§ **Exercise prompt**:
What's wanted is a faithful retyping of every entry, pictures excluded.

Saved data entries
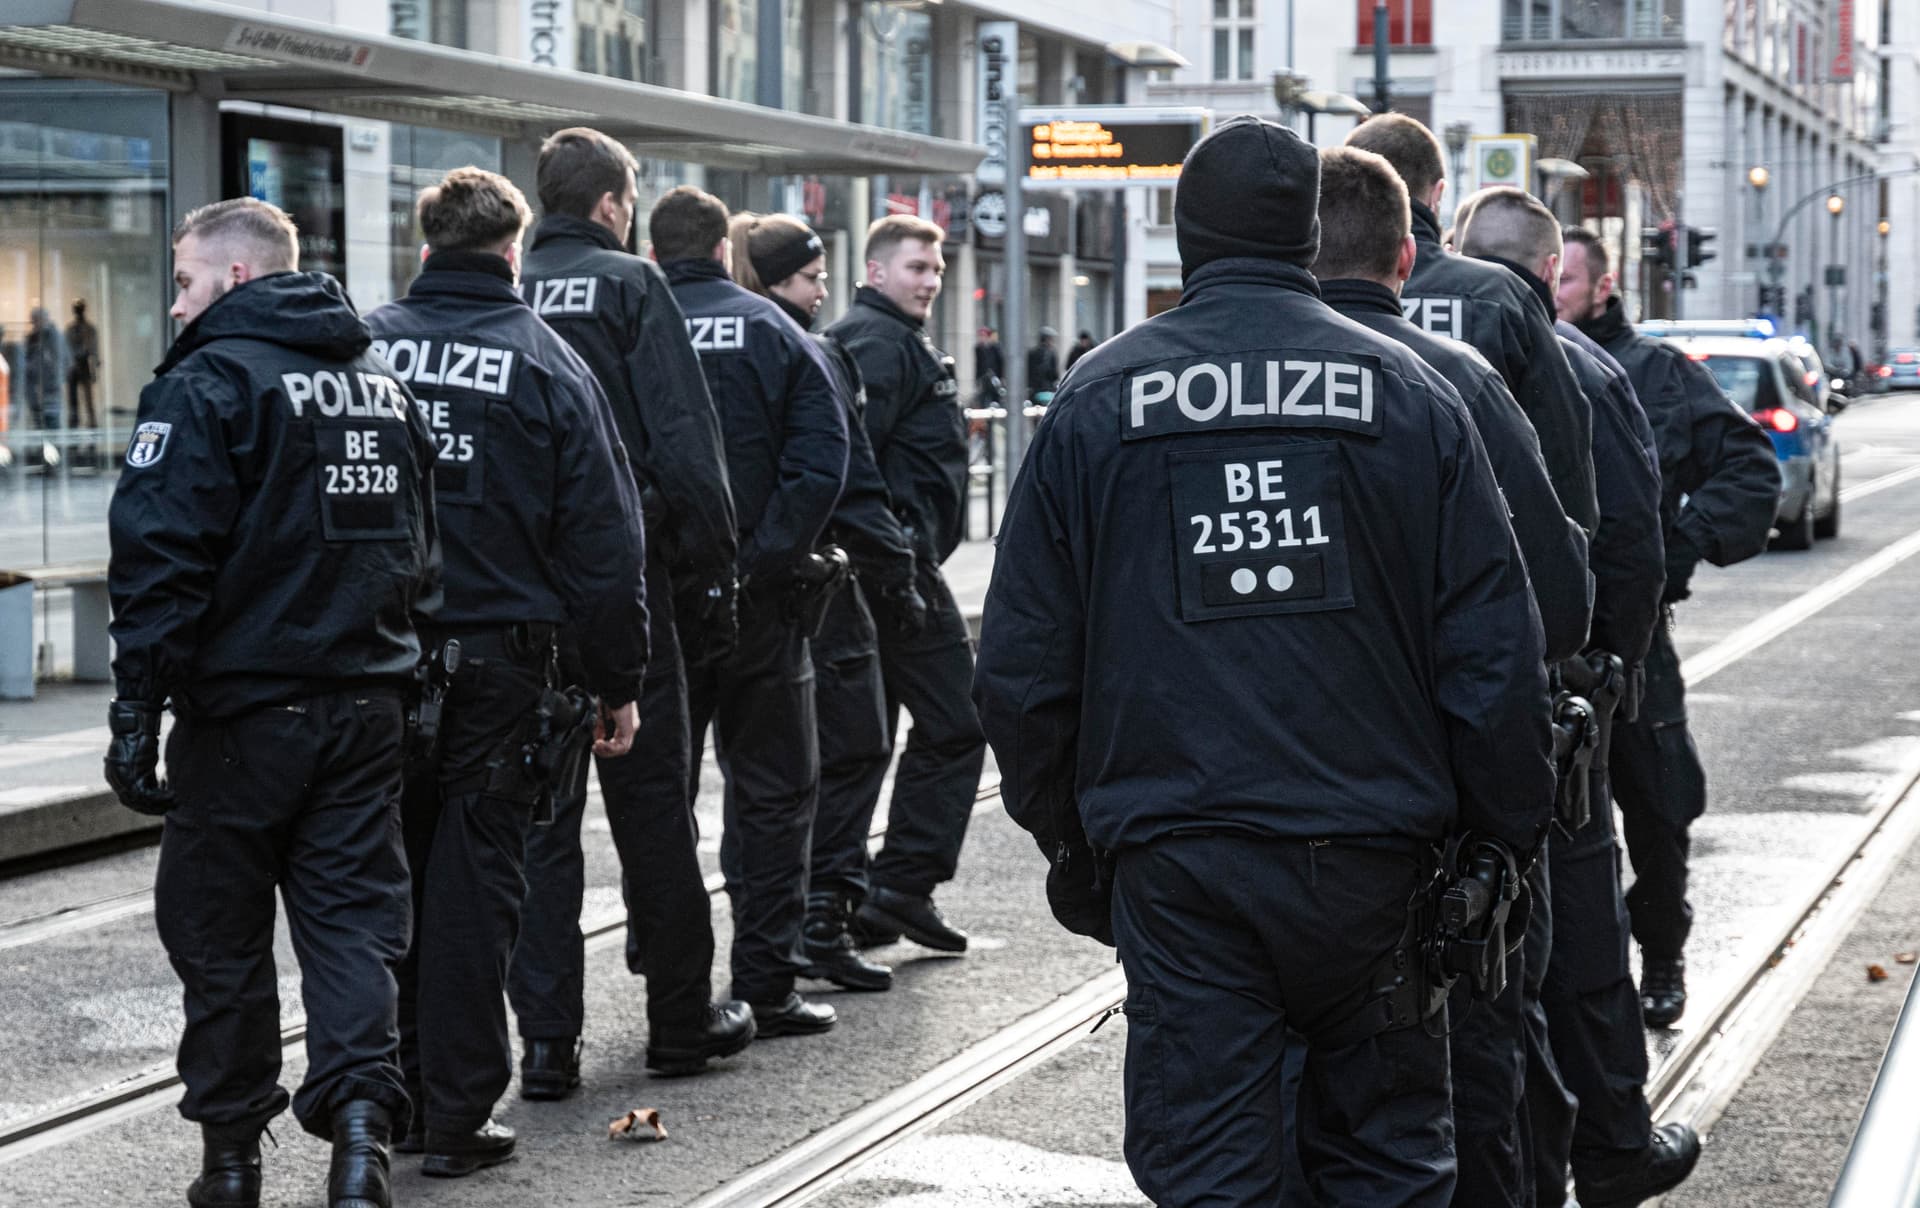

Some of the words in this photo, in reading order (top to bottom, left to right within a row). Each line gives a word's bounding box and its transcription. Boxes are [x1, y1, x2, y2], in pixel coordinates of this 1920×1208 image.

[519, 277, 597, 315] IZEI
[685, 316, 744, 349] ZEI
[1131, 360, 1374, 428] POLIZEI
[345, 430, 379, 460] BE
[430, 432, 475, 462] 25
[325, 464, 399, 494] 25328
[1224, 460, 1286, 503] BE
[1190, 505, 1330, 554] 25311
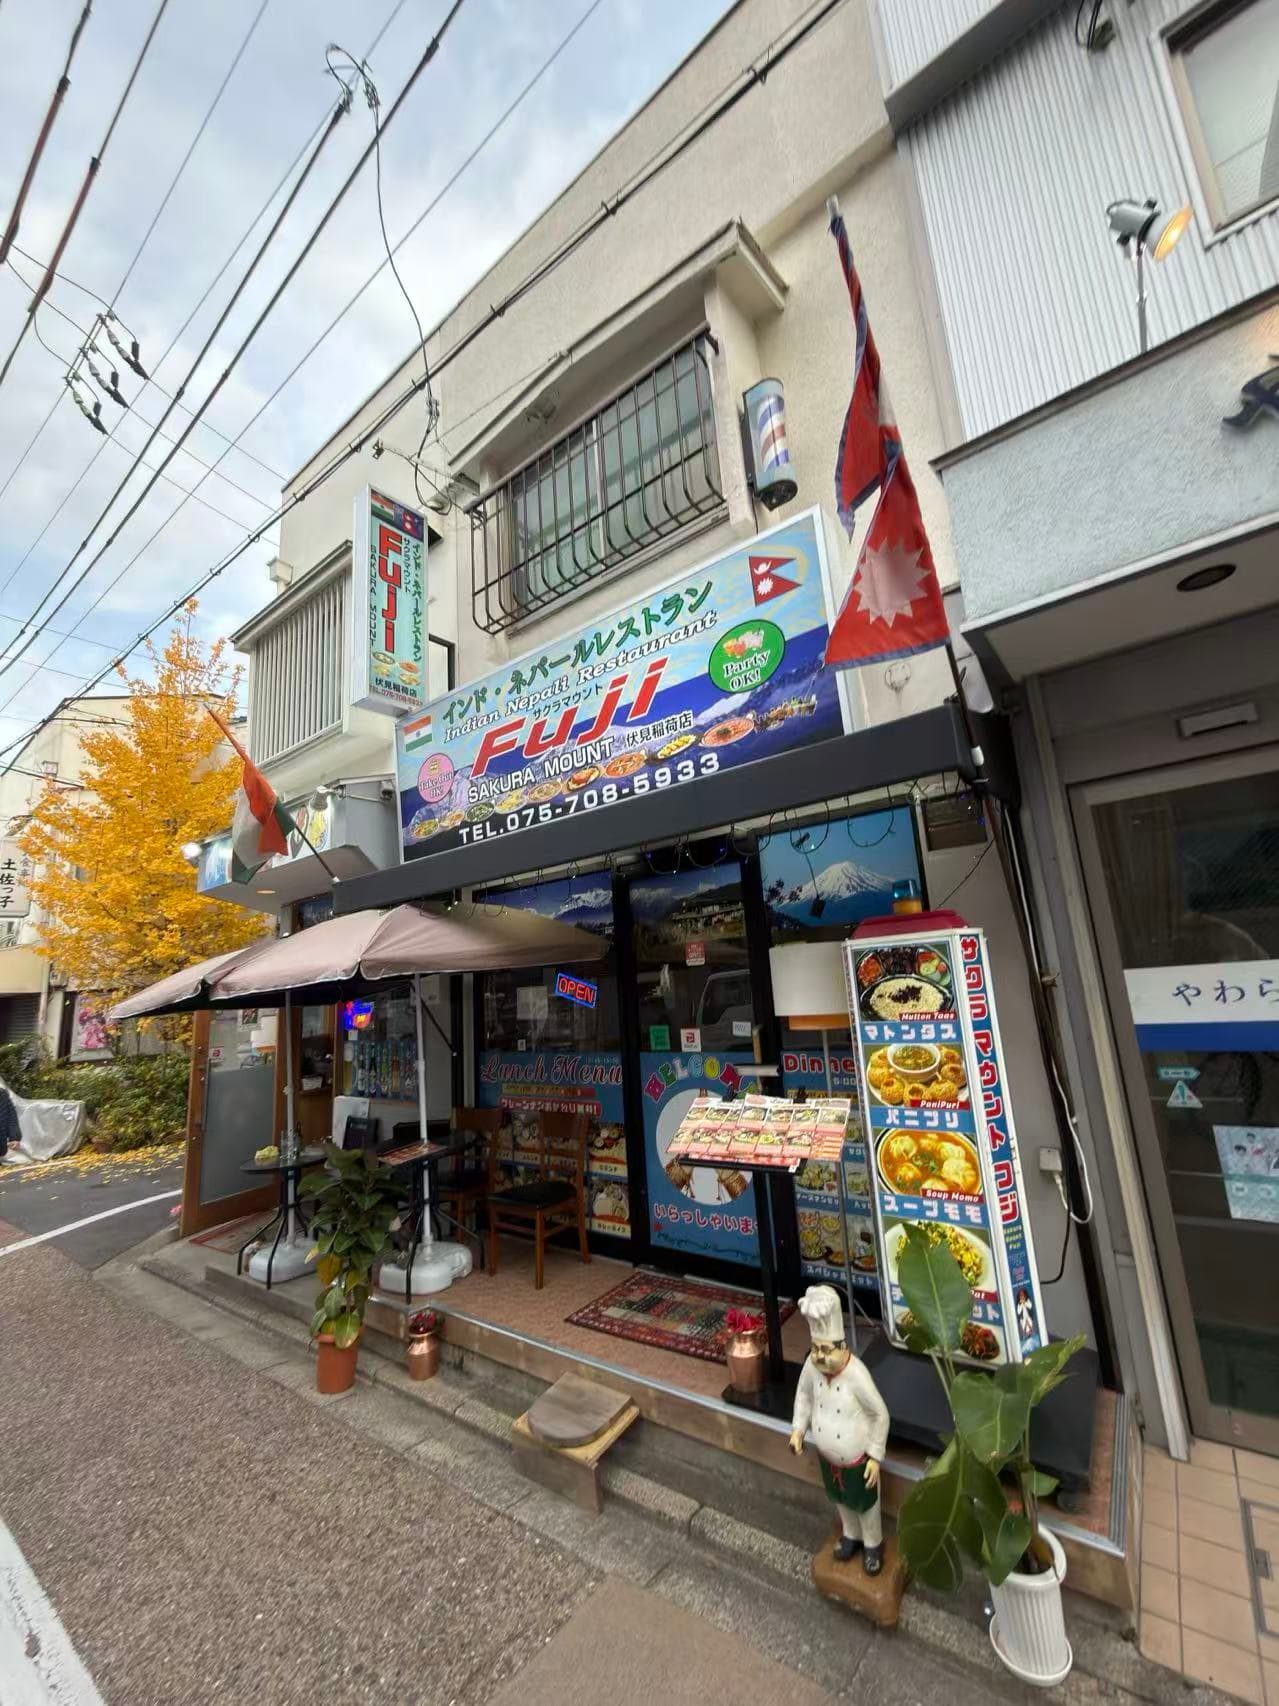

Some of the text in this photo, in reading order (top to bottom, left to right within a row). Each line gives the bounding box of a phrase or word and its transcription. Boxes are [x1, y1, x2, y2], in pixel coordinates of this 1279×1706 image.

§ **Output of the exercise**:
Some of the words in this photo, in reading order (top to bottom, left to right within a row). Each line gives a word's bounding box and its transcription. Boxes are [x1, y1, x2, y2], in pixel coordinates of this 1920×1208 image.

[519, 277, 597, 315] IZEI
[685, 316, 744, 349] ZEI
[1131, 360, 1374, 428] POLIZEI
[345, 430, 379, 460] BE
[430, 432, 475, 462] 25
[325, 464, 399, 494] 25328
[1224, 460, 1286, 503] BE
[1190, 505, 1330, 554] 25311

Some of the text in this photo, in reading order (top to bottom, left to right within a row). Each line gives the bounding box of a phrase or word and its transcription. Boxes are [x1, y1, x2, y2], in pixel coordinates of this 1279×1706 image.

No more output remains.